Exercise prompt: Each line below is to be repeated exactly; any picture is to be left out.

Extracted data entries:
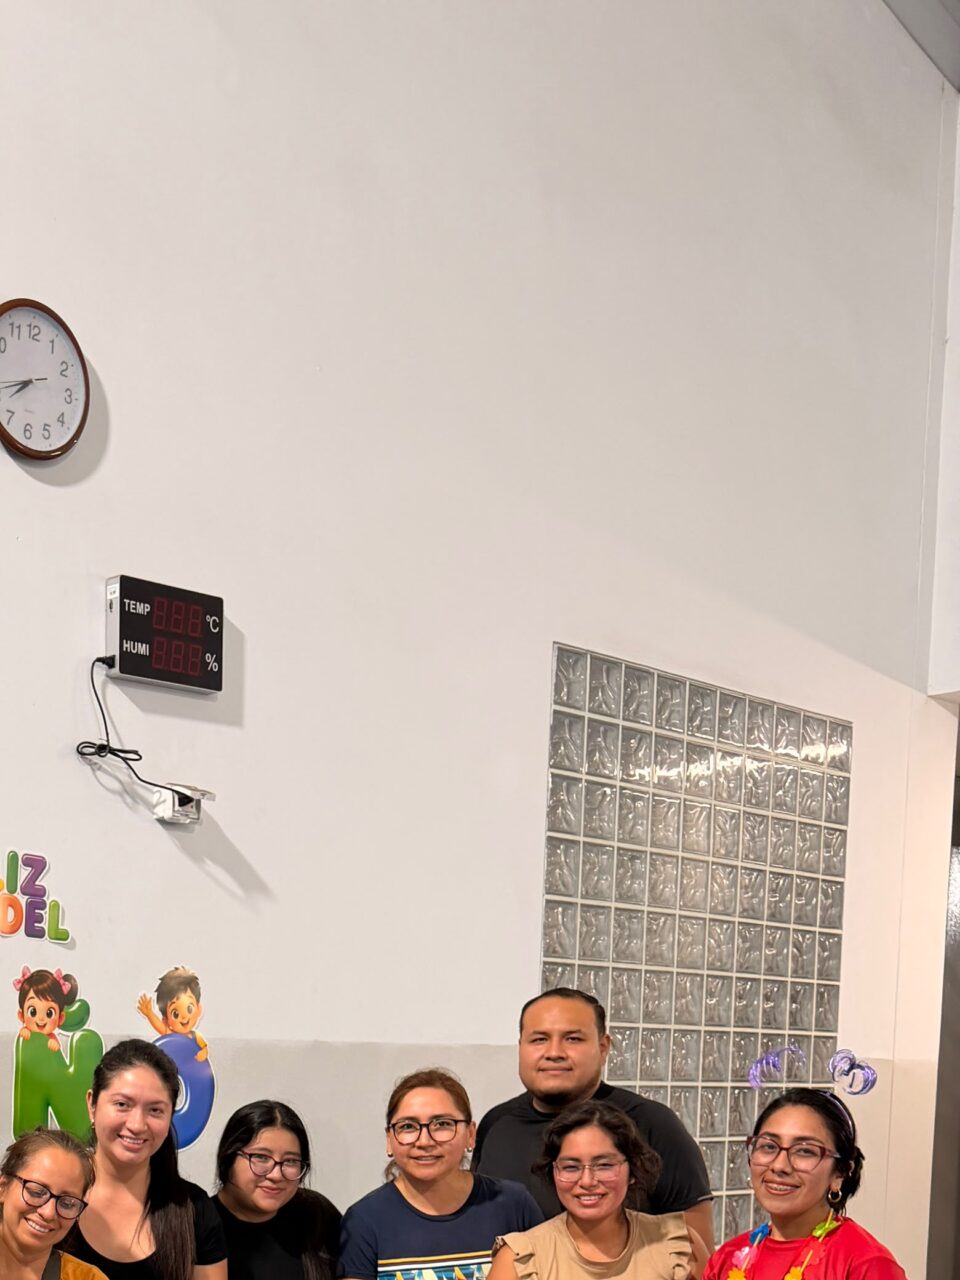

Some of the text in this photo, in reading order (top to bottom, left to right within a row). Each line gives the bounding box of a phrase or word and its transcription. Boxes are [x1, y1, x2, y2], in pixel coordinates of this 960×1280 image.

[8, 321, 21, 340] 11
[26, 322, 41, 342] 12
[49, 338, 56, 354] 1
[59, 361, 69, 377] 2
[64, 388, 73, 404] 3
[6, 409, 15, 426] 7
[57, 412, 65, 427] 4
[23, 423, 33, 440] 6
[42, 424, 51, 440] 5
[123, 598, 151, 616] TEMP
[123, 639, 150, 656] HUMI
[205, 653, 219, 672] %

Problem solution:
Some of the text in this photo, in reading order (top to bottom, left to right within a row). Each line gives the bounding box of a phrase or word and its transcription. Boxes are [x1, y1, x2, y2], in pixel coordinates of this 960×1280 image.

[8, 321, 21, 340] 11
[26, 322, 41, 342] 12
[49, 338, 56, 354] 1
[59, 361, 69, 377] 2
[64, 388, 73, 404] 3
[6, 409, 15, 426] 7
[57, 412, 65, 427] 4
[23, 423, 33, 440] 6
[42, 424, 51, 440] 5
[123, 598, 151, 616] TEMP
[123, 639, 150, 656] HUMI
[205, 653, 219, 672] %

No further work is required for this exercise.